Many firms have massive volumes of paper or digital paperwork that comprise untapped enterprise intelligence. With the development of generative AI, varied massive language fashions can be utilized to precisely extract related information from these paperwork. This submit demonstrates an clever doc processing pipeline that consists of each on-demand inference and batch inference choices on Amazon Bedrock to allow the pliability on the doc processing time and value. For time-sensitive requests, one can use the on-demand inference possibility, whereas the batch inference possibility is most price optimized. It additionally explains the way to dynamically specify the big language mannequin and prompts on the doc stage, enabling you to extract information from a number of forms of paperwork utilizing the identical pipelines.
Answer overview
When you, like one in every of our clients, have tons of of tens of millions land lease paperwork in scanned PDF format (PDF that accommodates solely photos with out editable textual content, e.g. on this case, scanned land lease saved as PDF) within the backlog, and new paperwork are nonetheless piling up each day, this can be a answer you should use to successfully extract information from these paperwork. As proven within the following diagram, this answer builds two inference pipelines, on-demand and batch, with a mechanism to invoke them dynamically. Through the use of successfully designed prompts managed in Amazon Bedrock Immediate Administration, the info could be extracted and standardized from scan PDFs, which frequently have various codecs and conventions, or from textual content information.

The pipeline on the left is the on-demand pipeline that extracts information from paperwork one-by-one, returning outcomes inside seconds. This makes it appropriate for time-sensitive requests.
The pipeline on the appropriate is the batch inference pipeline that processes a number of doc requests in a single Amazon Bedrock batch inference job, the place your mannequin invocation will likely be processed asynchronously. Customers can specify the immediate ID and model within the request in each pipelines, and the corresponding immediate textual content will likely be retrieved from Amazon Bedrock Immediate Administration.
The next sections present detailed descriptions of each pipelines.
1. On-demand inference pipeline
An AWS SQS First-In, First-Out (FIFO) queue is created within the on-demand inference pipeline. When a queue message containing the doc ID, LLM mannequin ID, immediate ID/model, and system immediate ID/model arrives, it triggers an AWS Lambda operate. This operate retrieves the PDF doc from the required Amazon S3 bucket, converts the PDF pages to PNG photos, retrieves the related prompts from Amazon Bedrock Immediate Administration, composes the message to name the LLM, and saves the outcome into an Amazon DynamoDB desk.
1.1. AWS SQS FIFO queue
An AWS SQS FIFO queue is used to set off Amazon Bedrock inference when a single doc arrives. The important thing causes for utilizing a FIFO queue are:
- Dependable Message Supply – Makes certain that every message is delivered precisely as soon as.

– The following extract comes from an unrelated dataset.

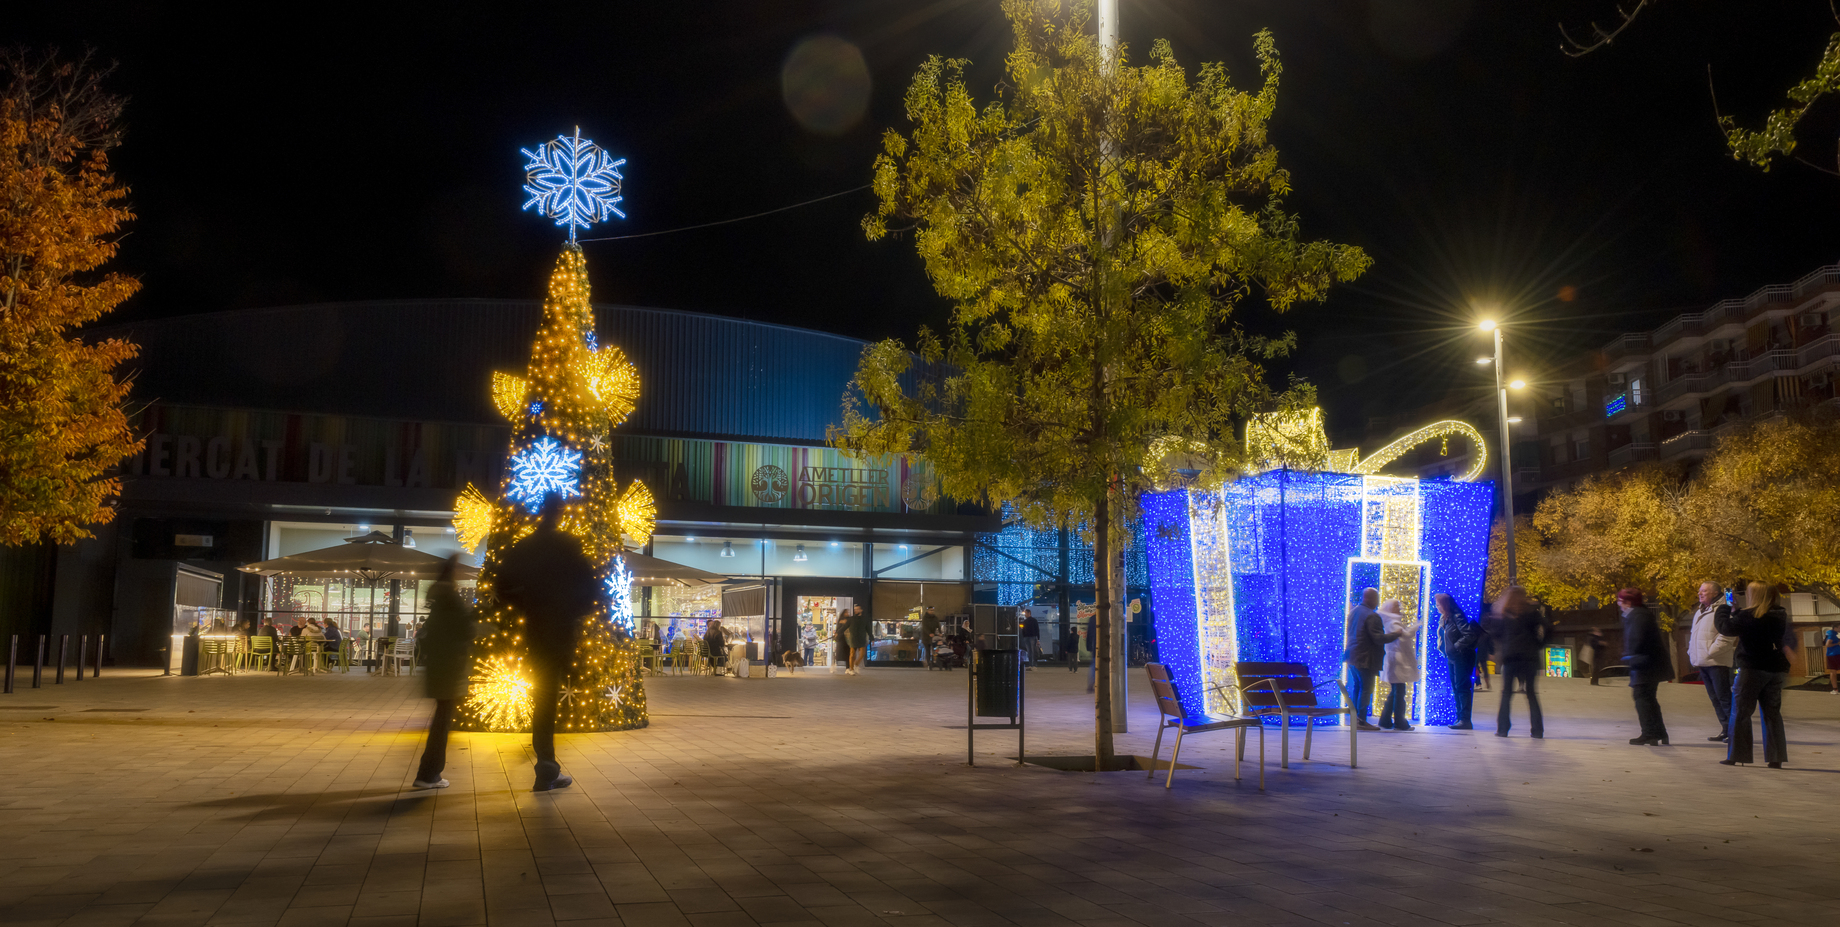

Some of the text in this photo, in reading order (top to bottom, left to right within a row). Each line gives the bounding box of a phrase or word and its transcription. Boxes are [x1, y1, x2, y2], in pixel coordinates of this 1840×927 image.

[307, 441, 358, 485] DE
[385, 446, 432, 488] LA
[799, 467, 888, 484] AMETLLER
[798, 483, 889, 507] ORIGEN

- First-In, First-Out (FIFO) Processing – Maintains a strict ordering, offering higher predictability for processing.
- Message Grouping – The Message Group ID attribute makes certain the messages are processed so as inside every group. Every producer can use a singular Message Group ID to keep up order for associated messages.
How is a queue message created?
The queue messages could be created externally with AWS CLI or AWS SDK API. The next is an AWS CLI command instance:
The file message_txt.txt on this instance is a JSON file containing the message attributes wanted for the applying. See particulars within the Testing the pipelines part under.

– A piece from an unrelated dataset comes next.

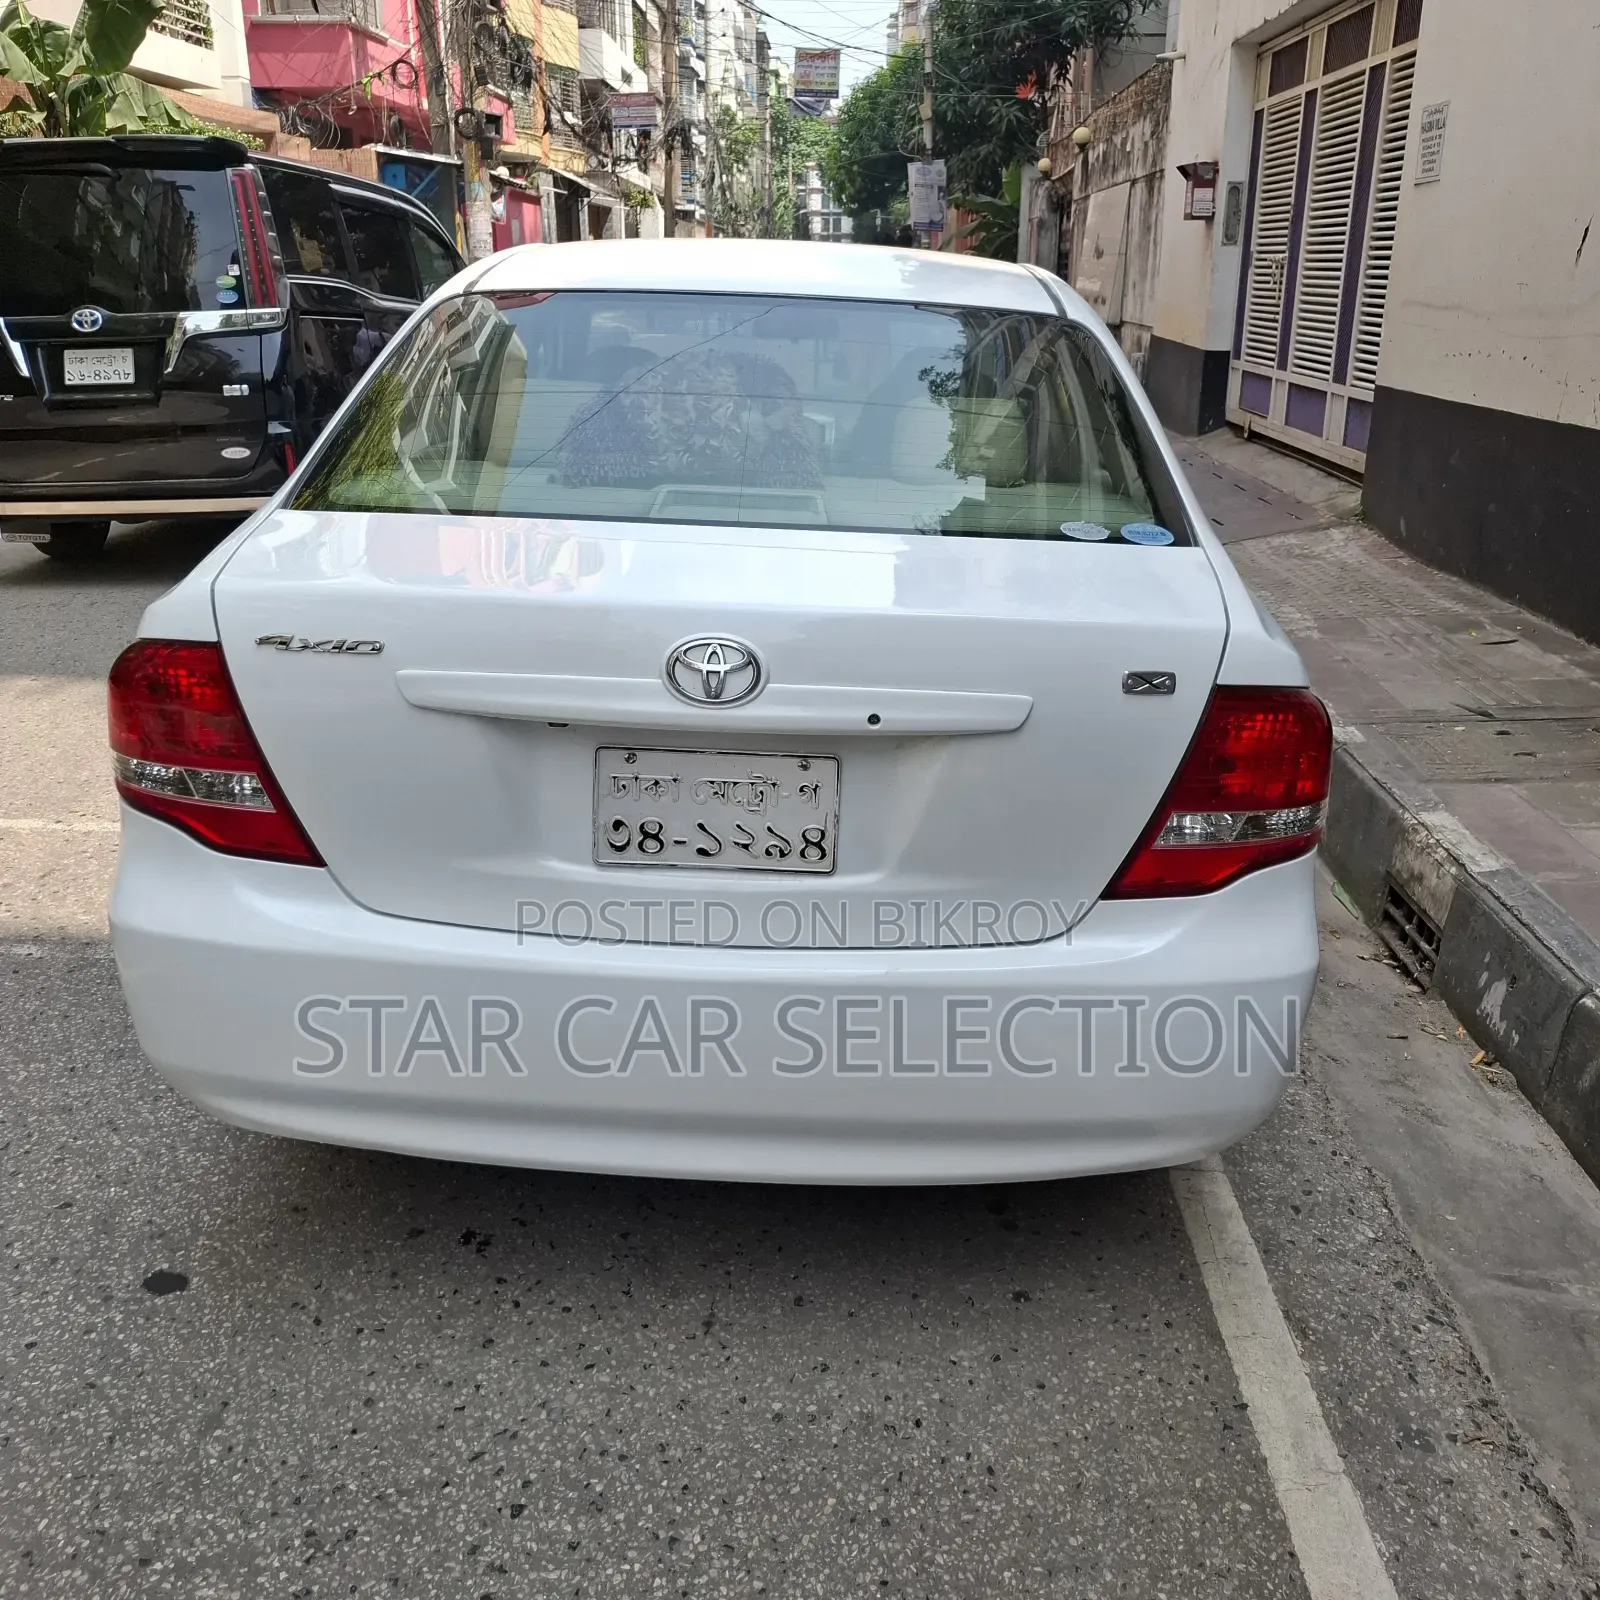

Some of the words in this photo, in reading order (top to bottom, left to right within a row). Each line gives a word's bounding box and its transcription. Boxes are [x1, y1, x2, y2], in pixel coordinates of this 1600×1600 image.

The Lambda operate will delete the queue message after Amazon Bedrock has returned the extracted information.
1.2. Lambda operate – queue message processing and inferencing
1.2.1 Retrieving the paperwork, changing to pictures, and splitting massive information
The Lambda operate downloads the doc utilizing the s3_location attribute within the queue message. If the doc is scanned PDF, it’s then transformed to pictures for the multimodal mannequin to know.
As of this writing, the Claude 4 Sonnet mannequin solely permits a most of 20 photos per multimodal invocation. Due to this fact, if a doc accommodates greater than 20 pages of photos, it should be cut up into chunks of 20 pages. The doc_id, chunk_count and chunk_id are saved in an Amazon DynamoDB desk, together with the extracted outcomes and the mannequin efficiency metrics.

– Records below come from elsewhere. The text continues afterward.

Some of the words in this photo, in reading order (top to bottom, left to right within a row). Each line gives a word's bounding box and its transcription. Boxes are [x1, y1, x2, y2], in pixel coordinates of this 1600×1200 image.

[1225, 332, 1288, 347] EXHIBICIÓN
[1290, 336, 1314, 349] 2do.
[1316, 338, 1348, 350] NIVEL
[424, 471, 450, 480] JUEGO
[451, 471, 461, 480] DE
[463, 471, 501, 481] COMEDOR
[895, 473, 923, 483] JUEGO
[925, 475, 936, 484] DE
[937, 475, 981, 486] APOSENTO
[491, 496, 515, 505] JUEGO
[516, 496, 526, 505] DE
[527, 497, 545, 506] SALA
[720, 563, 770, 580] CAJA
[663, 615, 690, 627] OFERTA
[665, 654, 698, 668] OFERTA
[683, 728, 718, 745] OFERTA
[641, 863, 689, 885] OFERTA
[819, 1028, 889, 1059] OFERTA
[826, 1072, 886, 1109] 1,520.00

doc_id: the identifier of the docchunk_count: the full variety of chunks for that docchunk_id: the identifier of every chunk of the doc
1.2.2. Retrieving prompts from Amazon Bedrock Immediate Administration
Land lease paperwork range in format – some current land tract attributes in numbered listing, others in tables, and a few even in land drawings. Therefore, utilizing completely different prompts tailor-made to every doc format enhances extraction accuracy.
The prompts used within the LLM name are saved in Amazon Bedrock Immediate Administration. Every immediate has a singular ID and is versioned. The SQS messages should specify the related immediate ID and model, that are then used to retrieve the immediate physique throughout Lambda execution.
Word: There’s a service restrict of fifty prompts per area and 10 variations per immediate.
1.2.3 Composing message for LLM calls and processing the response
The Lambda operate continues with the next steps:
- Compose the messages for LLM by concatenating the immediate physique and pictures.
- Ship request(s) to Amazon Bedrock utilizing the Converse API.
The LLM will return the extract information in a JSON string, you’ll be able to look at the end in your DynamoDB desk as illustrated within the following testing the pipelines part.
1.2.4 Saving the outcomes
Lastly, the Lambda operate completes the method by:
- Parsing the JSON and storing the land tract attributes to the DynamoDB desk.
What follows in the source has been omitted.